JUDGEMENT
A. K. Sarkar, J. -
(1.) The appellant is a company carrying on business as a distiller of country liquor. It was incorporated in May 1945 and was in fact a previously existing company called the Amritsar Distillery Co. Ltd. reconstructed under the provisions of the Companies Act. The appellant carried on the same business as its predecessor, namely, sale of the produce of its distillery to licensed wholesalers. The wholesalers in their turn sold the liquor to licensed retailers from whom the actual consumers made their purchases. The entire trade was largely controlled by Government regulations.

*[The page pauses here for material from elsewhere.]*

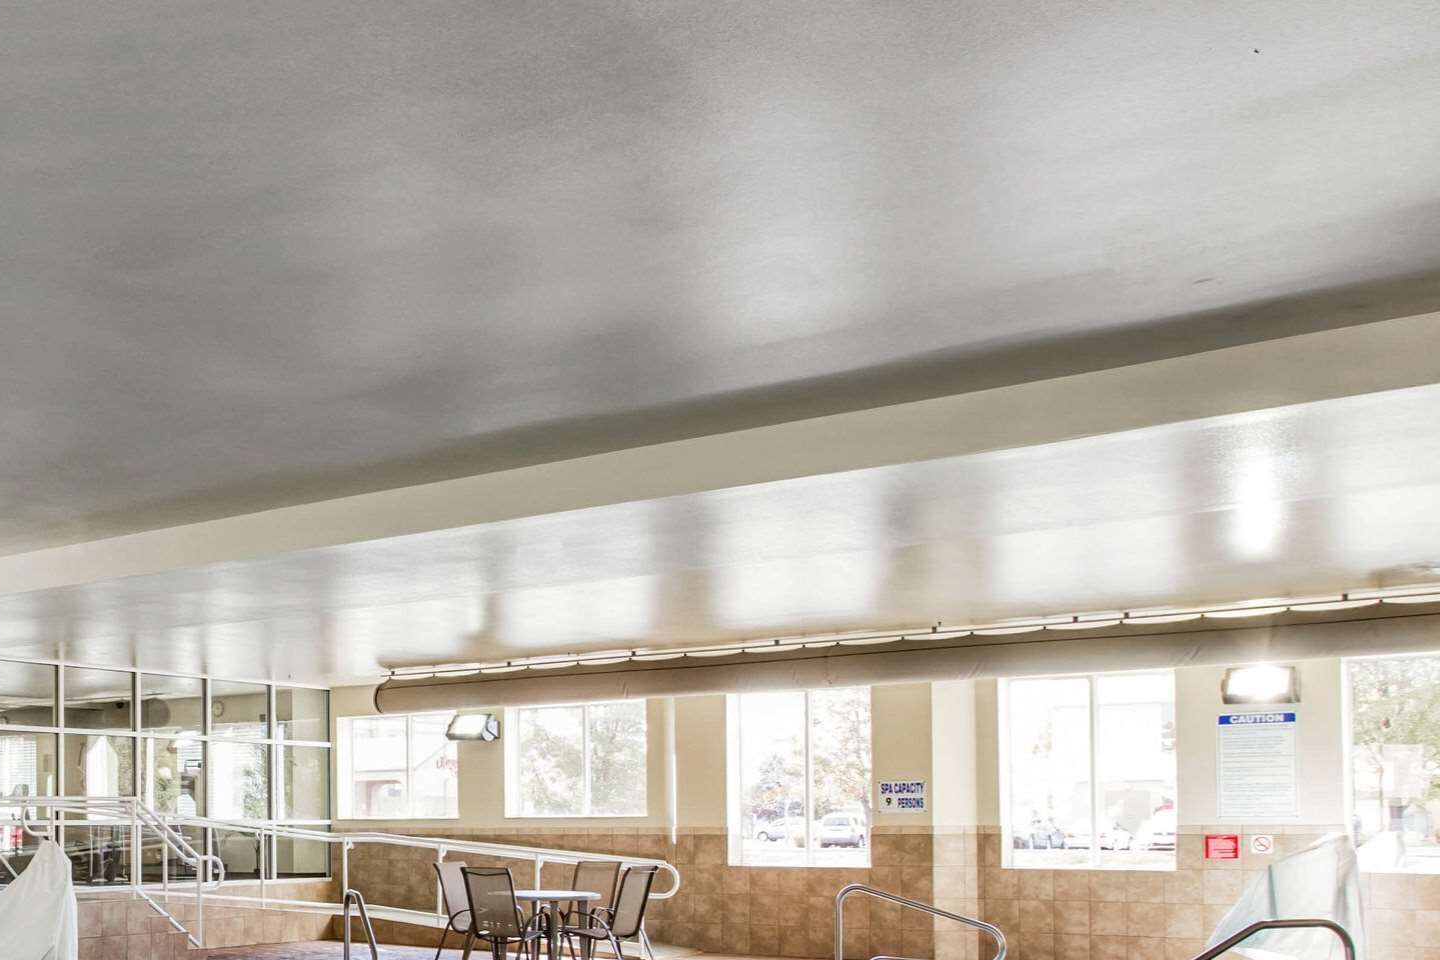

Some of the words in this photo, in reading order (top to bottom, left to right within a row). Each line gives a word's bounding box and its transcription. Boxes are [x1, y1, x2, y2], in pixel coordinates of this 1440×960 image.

(2.) After the war started the demand for country liquor increased but difficulty was felt in finding bottles in which the liquor was to be sold in order to relieve the scarcity of bottles the Government devised in 1940 a scheme called the buy-back scheme. The scheme in substance was that a distiller on a sale of liquor became entitled to charge a wholesaler a price for the bottles in which the liquor was supplied at rates fixed by the Government which he was bound to repay to the wholesaler on the latter returning the bottles. The same arrangement, but with prices calculated at different rates was made for the liquor sold in bottles by a wholesaler to a retailer and by a retailer to the consumers. Apparently it was conceived that the price fixed under the scheme would be found to be higher than the price which the bottles would fetch in the open market and the arrangement for the refund of the price would therefore encourage the return of the bottles from the consumers through the intermediaries ultimately to the distiller. The price refundable was later increased perhaps because the previous price did not fully achieve the desired result of the bottles finding their way back to the distillers.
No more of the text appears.